In March, Administrator Pruitt sent unsolicited letters to the Governors of 47 states asserting that the Supreme Court’s stay of the Clean Power Plan pending the conclusion of litigation provides states and power companies with “day-to-day tolling” of the rule’s compliance deadlines.
In a new letter sent to EPA Acting General Counsel Kevin Minoli last night, the coalition of states and localities makes clear that “until and unless EPA lawfully replaces the Clean Power Plan, it remains the law of the land, despite the current stay of its compliance deadlines. Because the letters are both premature and legally incorrect, and also improper in light of Mr. Pruitt’s agreement to recuse himself from litigation over the Clean Power Plan, EPA should retract the letters.” The AGs’ letter explains that, as EPA itself said last year, the proper time to decide whether it’s necessary to adjust compliance deadlines is at the conclusion of the litigation — not prejudging the question now. If the Trump Administration’s efforts to scuttle the Clean Power Plan fail, the Plan—and its deadlines—will be back in effect.
“The facts are clear: the EPA has a legal obligation to limit carbon pollution from its largest source: fossil-fueled power plants. So if President Trump wants to repeal the Clean Power Plan, he must replace it,” said Attorney General Schneiderman. “Scott Pruitt cannot simply wish away the facts by giving Governors bad legal advice. We’ll continue to fight to ensure that the federal government fulfills its legal responsibility to New Yorkers’ health and environment.”

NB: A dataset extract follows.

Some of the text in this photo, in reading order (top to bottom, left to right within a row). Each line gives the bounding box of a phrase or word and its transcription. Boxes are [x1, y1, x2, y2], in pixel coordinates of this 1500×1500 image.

Click here to read the letter, which was led by Attorney General Schneiderman and signed by the Attorneys General or chief legal officers of New York, California, Delaware, Illinois, Iowa, Maine, Maryland, Massachusetts, New Mexico, Oregon, Rhode Island, Virginia, Washington, the District of Columbia, Colorado, Pennsylvania, and Florida.

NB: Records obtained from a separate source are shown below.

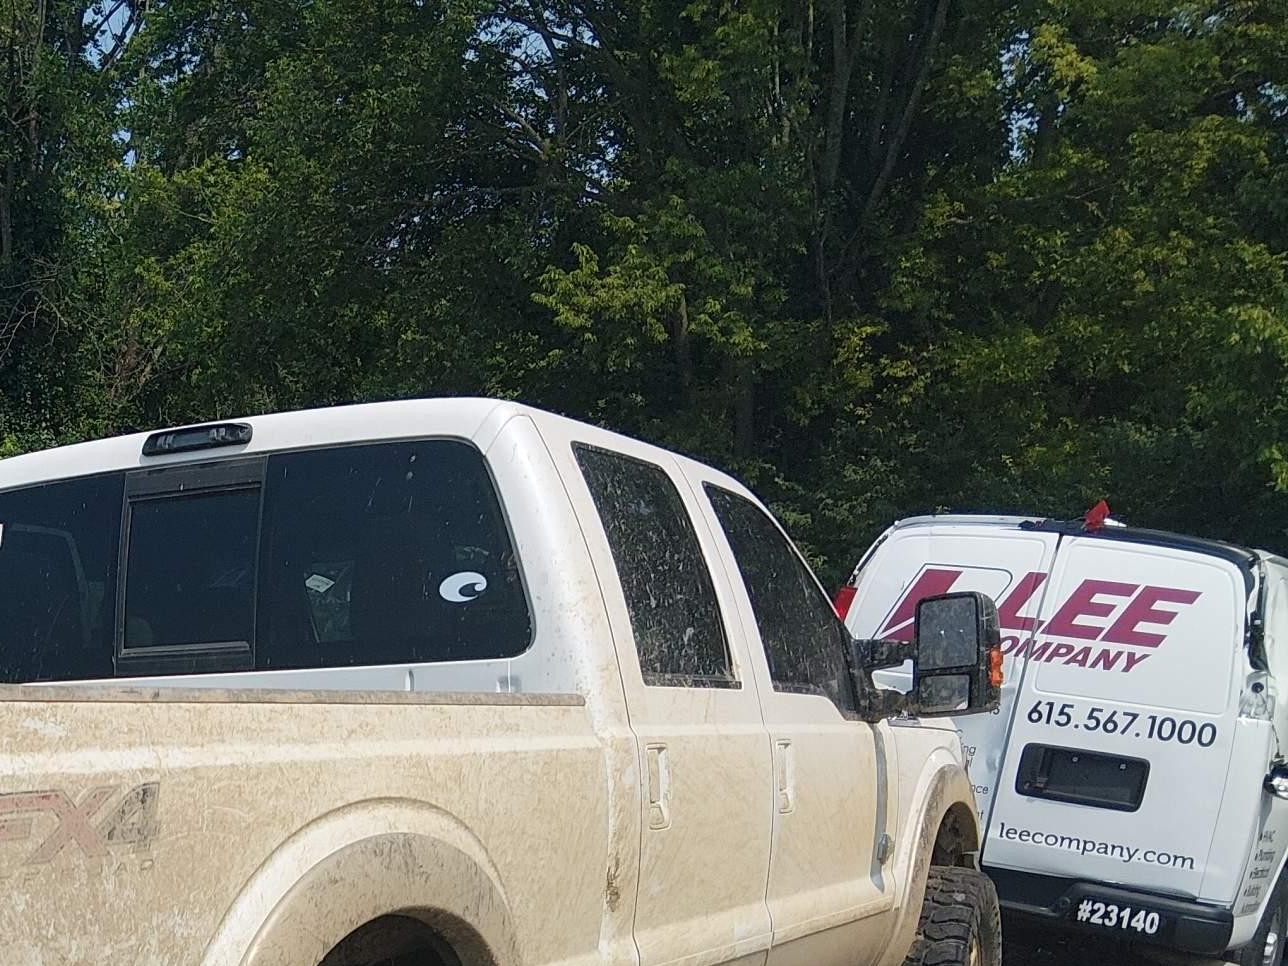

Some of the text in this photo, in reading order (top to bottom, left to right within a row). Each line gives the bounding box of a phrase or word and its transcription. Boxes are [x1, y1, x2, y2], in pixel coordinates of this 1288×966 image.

[998, 571, 1203, 648] LEE
[1000, 635, 1151, 673] OMPANY
[1027, 700, 1217, 747] 615.567.1000
[999, 822, 1195, 869] leecompany.com
[1077, 899, 1160, 935] #23140

Attorney General Schneiderman leads the coalition of states, cities, and counties that intervened in defense of the Clean Power Plan against legal challenges in the D.C. Circuit Court of Appeals. The court heard oral argument en banc in September 2016 and has issued two temporary pauses in litigation – the most recent of which compelled the coalition to weigh in on Administrator Pruitt’s legal guidance.

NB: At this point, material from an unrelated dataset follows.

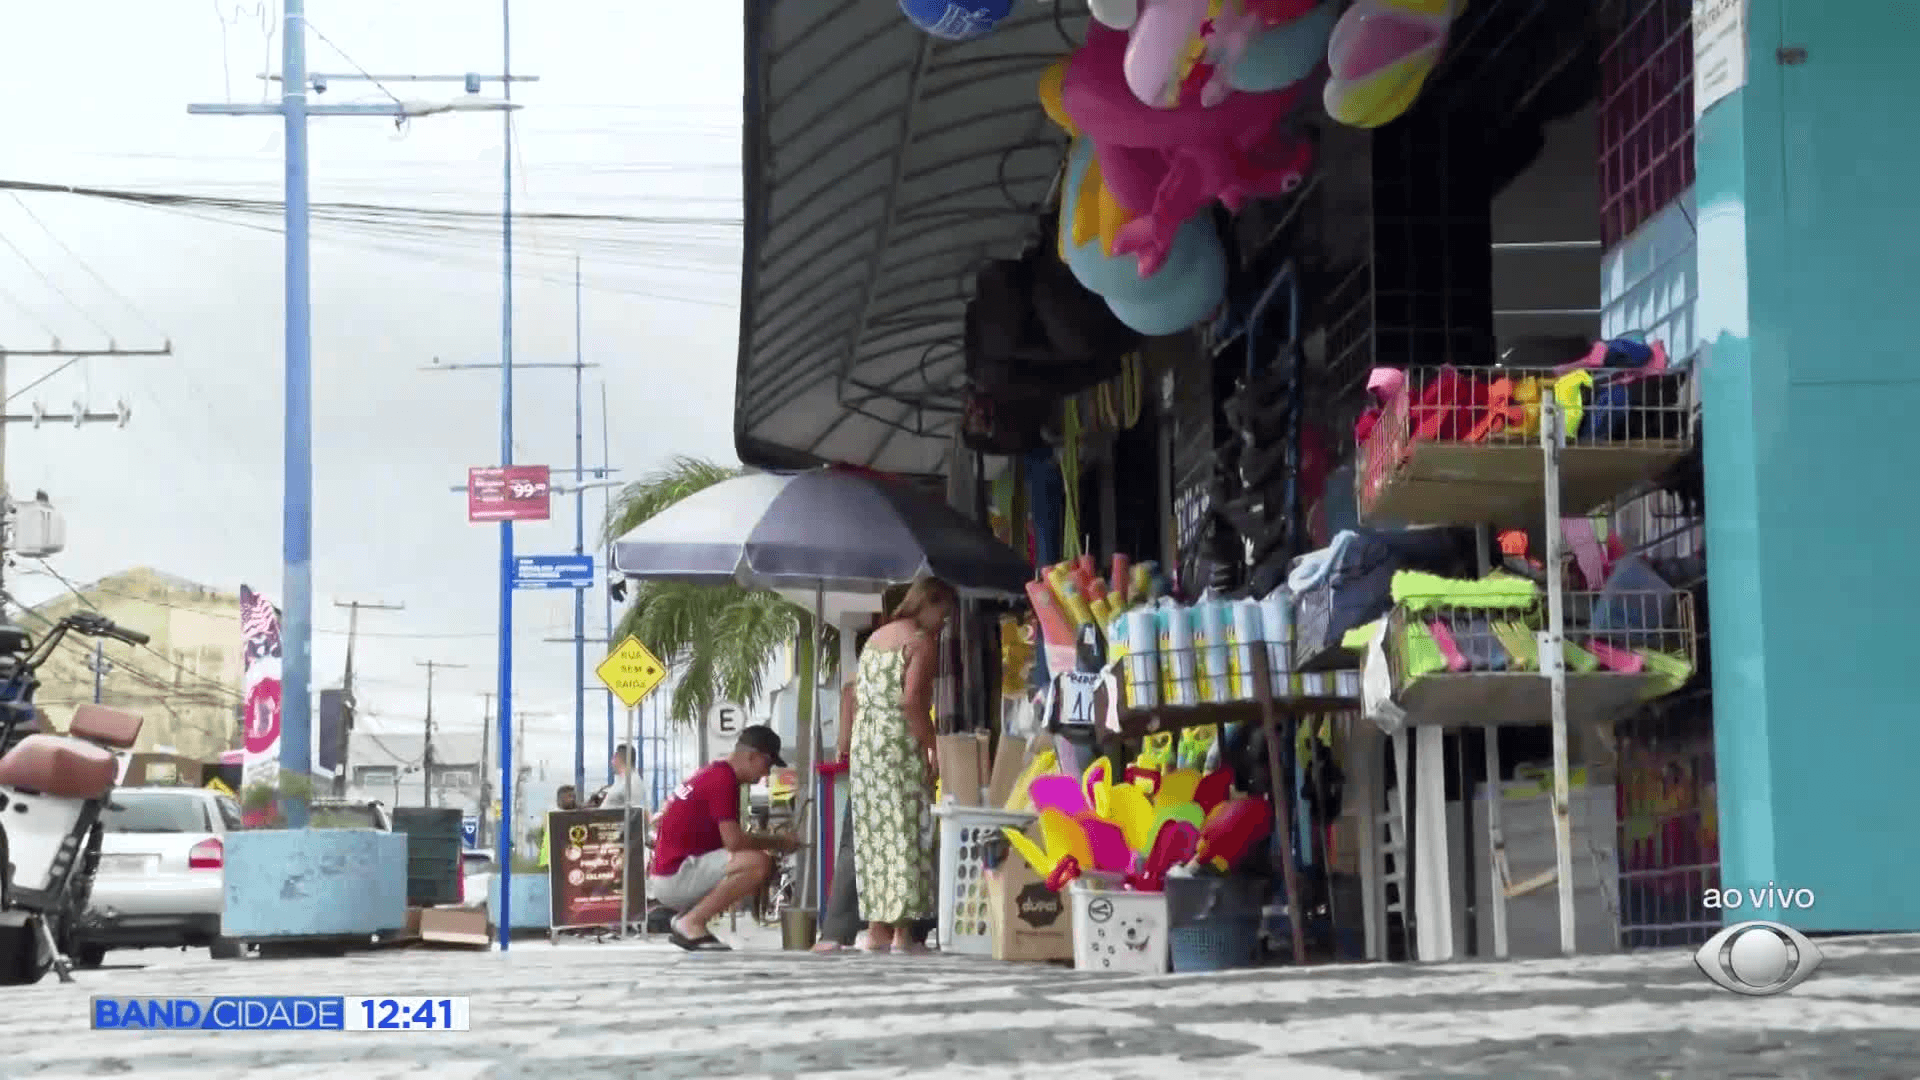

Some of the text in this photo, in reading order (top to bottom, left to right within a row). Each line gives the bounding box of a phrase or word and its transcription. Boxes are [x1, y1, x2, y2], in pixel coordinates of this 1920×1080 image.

[620, 651, 642, 660] RUA
[620, 665, 642, 674] SEM
[720, 708, 736, 731] E

The coalition’s letter notes that there are two significant problems with Administrator Pruitt’s legal guidance to Governors: one, there is no legal support for a unilateral extension of regulatory deadlines through a letter from the EPA administrator; and, two, there is no legal basis to automatically extend the Clean Power Plan’s compliance deadlines – which are months or even years away – for every day that the litigation remains pending. In fact, EPA itself found earlier this year that power plants are well on their way to meeting their compliance obligations.
“In addition to being legally erroneous, Mr. Pruitt’s opining in the letters on a particular issue concerning the Clean Power Plan litigation is inconsistent with his agreement not to participate in the litigation in light of his representation of Oklahoma in the case. Given his recognition in the May 4, 2017 ethics memorandum that his recusal for one year is appropriate to prevent “any appearance of impropriety,” the same underlying concern would apply to the letters, in which he seeks to persuade the Governors of his view of how a stay issued in the course of the litigation should affect parties’ future compliance responsibilities,” the coalition writes.